Web3 was supposed to change how we interact with the internet. The whole pitch was about real ownership—your identity, your assets, your data, all under your control. But when you look at how most people actually access these apps in 2025, the picture doesn’t match the promise. A huge chunk of users are still logging in with Google or Apple, the same old gatekeepers Web3 was meant to escape.
It’s not that people don’t care about ownership, it’s that convenience always wins. Signing transactions, managing seed phrases, or navigating wallets can feel like a headache compared to the one-click login Apple and Google perfected years ago. Web3 companies know this, and instead of forcing users to learn the hard way, they quietly integrate the old systems just to keep people onboard.
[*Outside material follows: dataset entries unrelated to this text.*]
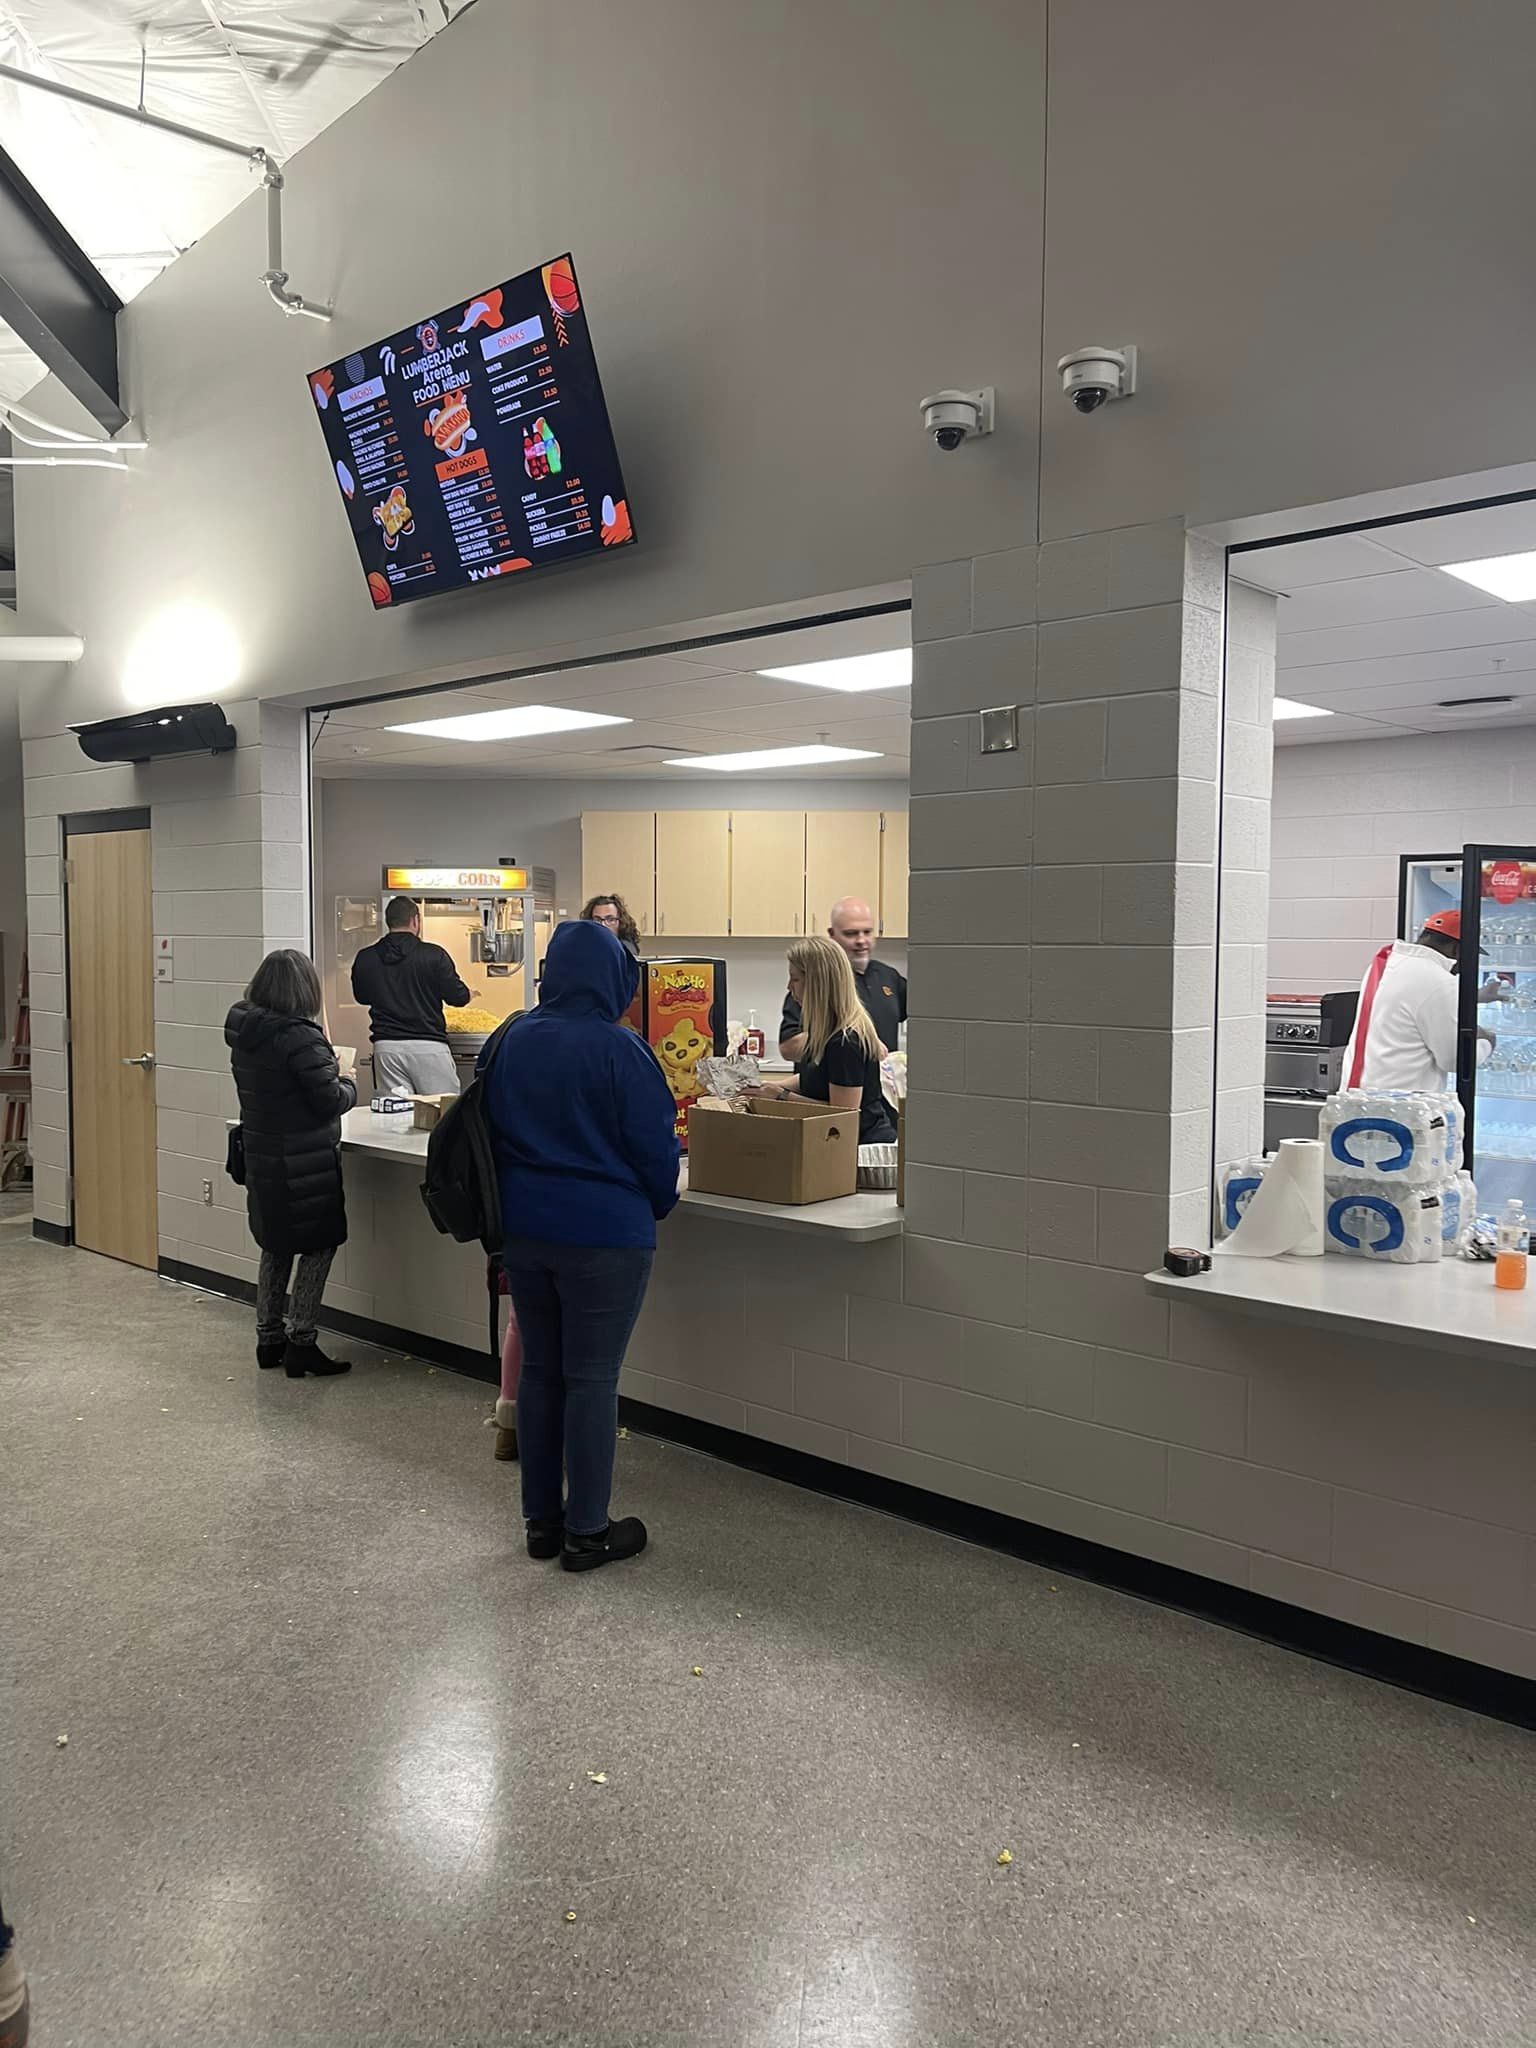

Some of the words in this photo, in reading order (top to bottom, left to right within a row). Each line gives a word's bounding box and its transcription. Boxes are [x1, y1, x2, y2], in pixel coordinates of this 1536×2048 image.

[498, 329, 525, 348] DRINKS
[402, 340, 468, 379] LUMBERJACK
[422, 362, 452, 385] Arena
[504, 375, 527, 389] PRODUCTS
[413, 383, 440, 403] FOOD
[442, 370, 470, 391] MENU
[446, 462, 459, 473] HOT
[459, 456, 476, 468] DOGS
[458, 872, 501, 887] CORN
The irony is that this undermines the whole point. If your entry point to a “decentralized” app depends on a Web2 login provider, then you’re not really in control. You’re renting access the same way you do with Gmail or iCloud. If Google decides to revoke your account, suddenly your “sovereign” Web3 identity collapses with it. That’s not ownership, that’s dependency with a new coat of paint.
Still, I understand why projects do it. Onboarding is the single biggest friction point in Web3. If someone has to spend half an hour figuring out private keys just to buy an NFT or play a game, they’ll drop it. Using existing login tools smooths that out. It’s a tradeoff: sacrifice a little decentralization in exchange for a broader user base. And for startups fighting to survive, the choice is obvious.
But this creates a deeper question. If Web3’s adoption depends on Web2’s infrastructure, does it ever really stand on its own? Or are we just building a shinier layer on top of the same foundations we claimed to outgrow? That’s the tension, real ownership sounds great, but the reality is shaped by what people are willing to use, not what the ideology demands.
The good news is that alternatives are emerging. Account abstraction, social logins tied to wallets, and new recovery systems are making it easier to onboard without leaning on Big Tech. These are early, and not perfect, but they’re steps toward a login system that feels as smooth as Web2 while staying true to Web3 principles. If they scale, maybe the balance shifts back toward real ownership.
Until then, Web3 sits in this awkward middle. It promises a future where users are in full control, but it lives in a present where Apple IDs and Google accounts still hold the keys for most people. Whether that’s just a phase or the new normal depends on how fast the industry solves UX without defaulting to old habits.